Productivity in the pandemic should not be the priority

Bethany Abrams

Last year when the country first began a national lockdown to mitigate the COVID-19 virus, some individuals took advantage of this time to learn something new or strengthen pre-existing skills. As we approach over a year living in the pandemic, we may still feel the need to continue to utilize our time in a productive way. The reality is, though, that the most important job in a pandemic is to survive and be safe.
Since we live in a capitalist society, there is a great emphasis placed on the idea of productivity and getting many things done in an efficient manner. It is typical for an individual to have a rigorous schedule where work or school is prioritized, even at the expense of basic necessities.
As a first-year college student, I fall into this spiral of working hard with little to no breaks and hoping that everything will eventually pay off in the future. As we have learned, if we want to be ‘successful’ with a high-paying career, we must work for it, even in the midst of a pandemic.
“This push for productivity has gotten even worse since the onset of the pandemic as people fret over how they’re ‘making the most’ of their newfound time at home,” said Hannah Hickok in a BBC article.
For some, this pressure regarding productivity during the pandemic has paid off and made them happier. For instance, one individual started an Etsy Shop during the pandemic, which was something she always wanted to do. “Learning and trying something new truly brings me joy and I felt like it was a good use of my quarantine time,” said Steph in a Zero to Biz blogpost. 
She continues to be an entrepreneur encouraging others to put their ideas into action. This is commendable in a pandemic, and she is not the only one who has channeled productivity and increased their happiness levels along the way.
For others, though, the pressure of being productive has turned work into something obligatory and draining. Carol Tompkins is an example of an individual who knew her overt desire to be productive was harming her.
“Tompkins is one of many redefining productivity as a result of the pandemic, finding that the old definition of non stop grinding hasn’t served their health, wellbeing or even success at work,” said Hickok. Rather than work outside of her hours, she finds time for herself and her family. In fact, she was even fortunate enough to reduce the number of hours she works.
I think it is important that we are lenient with ourselves regarding individual productivity. If we are succumbing to productivity pressures simply because we feel that we have to even if we do not want to, then it is time to take a step back.

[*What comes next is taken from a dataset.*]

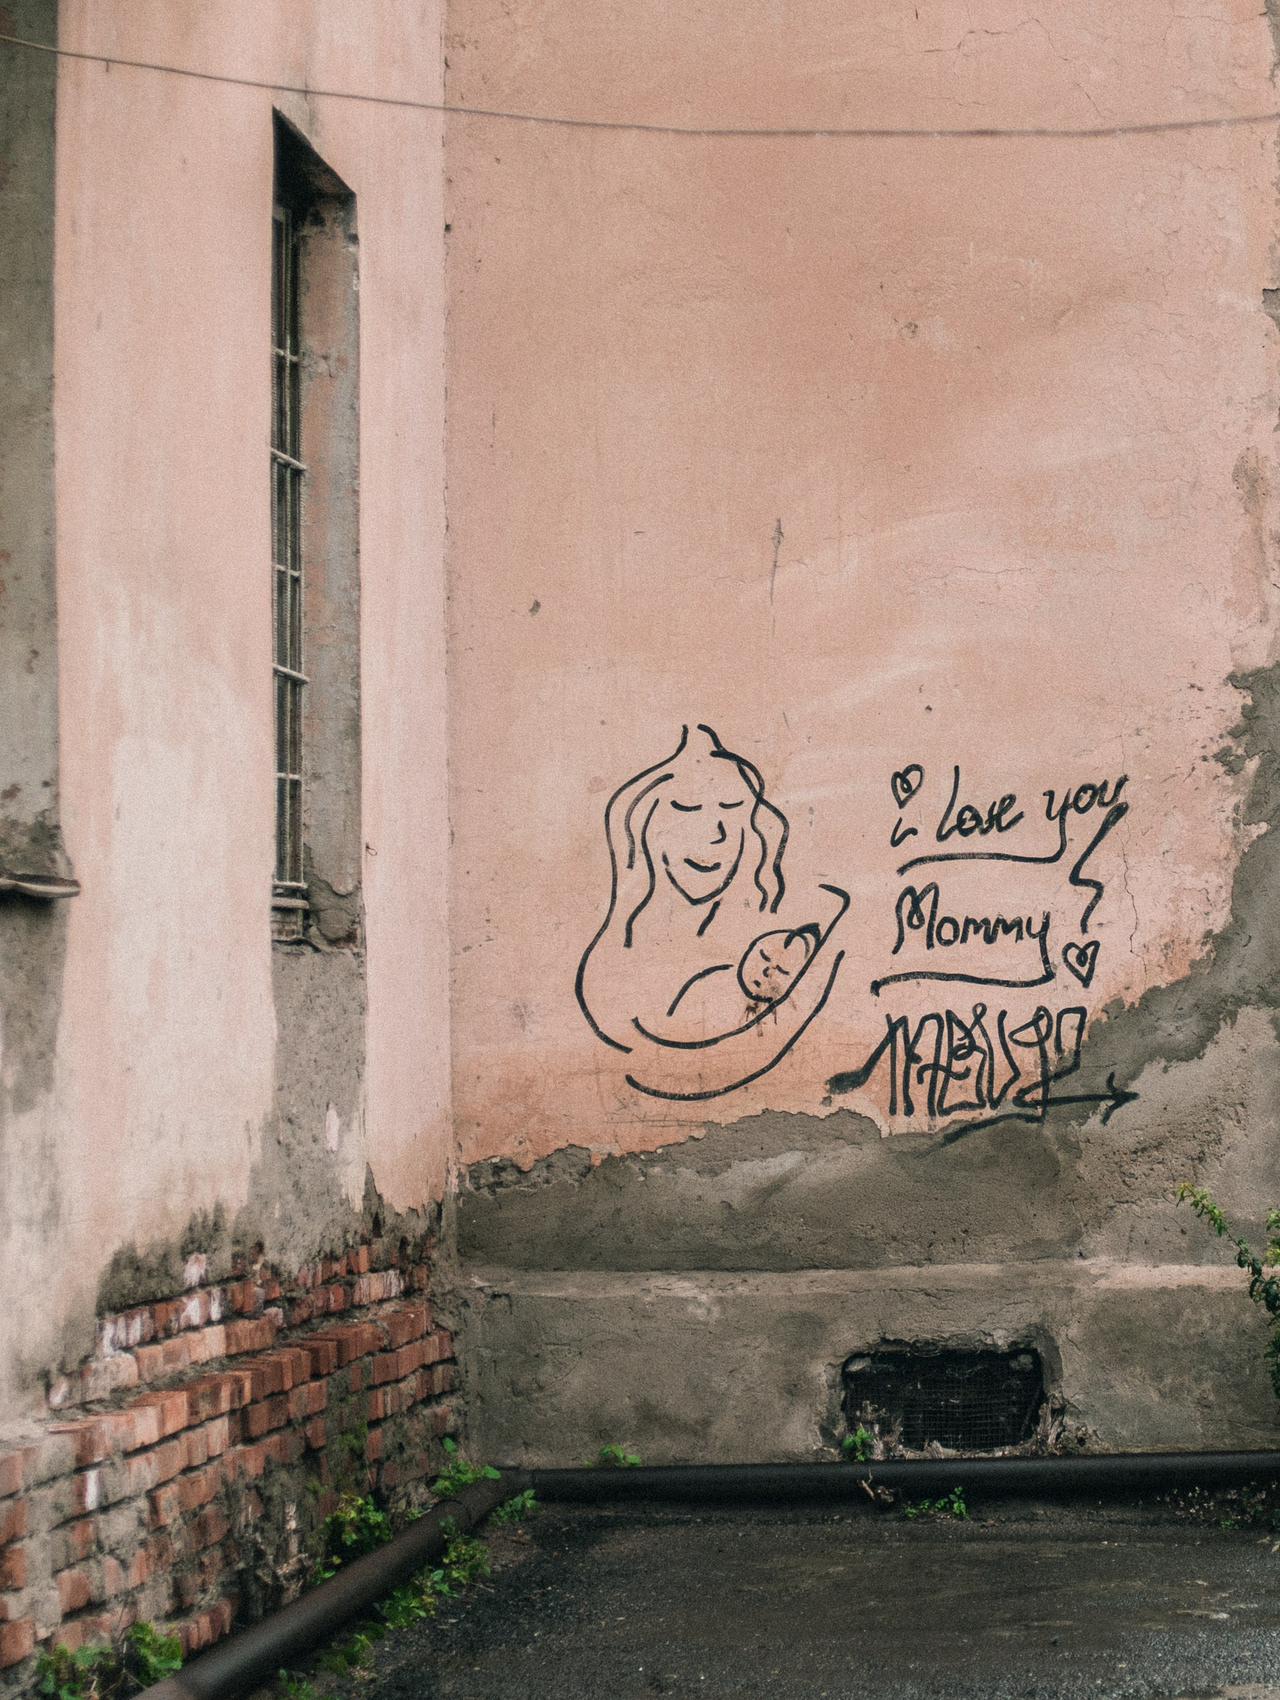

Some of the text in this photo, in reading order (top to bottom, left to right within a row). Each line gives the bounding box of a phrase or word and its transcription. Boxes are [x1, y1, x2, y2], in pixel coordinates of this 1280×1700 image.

[936, 765, 1024, 842] Love
[1043, 774, 1129, 863] you
[891, 881, 1055, 987] Mommy

Living in the pandemic we are dealing with a number of emotions, including a lot of fear as well as grief both inside and outside of our own families. News headlines each day for over a year have been related to COVID-19 in some way, and that can be exhausting. 
We have to prioritize our mental states and find ways that work for us to combat those negative emotions and COVID-19 fatigue. Thus, we cannot let these pressures of productivity weigh too heavily on us.
Taking time to recuperate while continuing to be as safe as possible is the best thing we can do at this moment. Rather than worrying about the next task on a to-do list, we should take a moment to breathe and realize we are doing our best to survive, and that is good enough.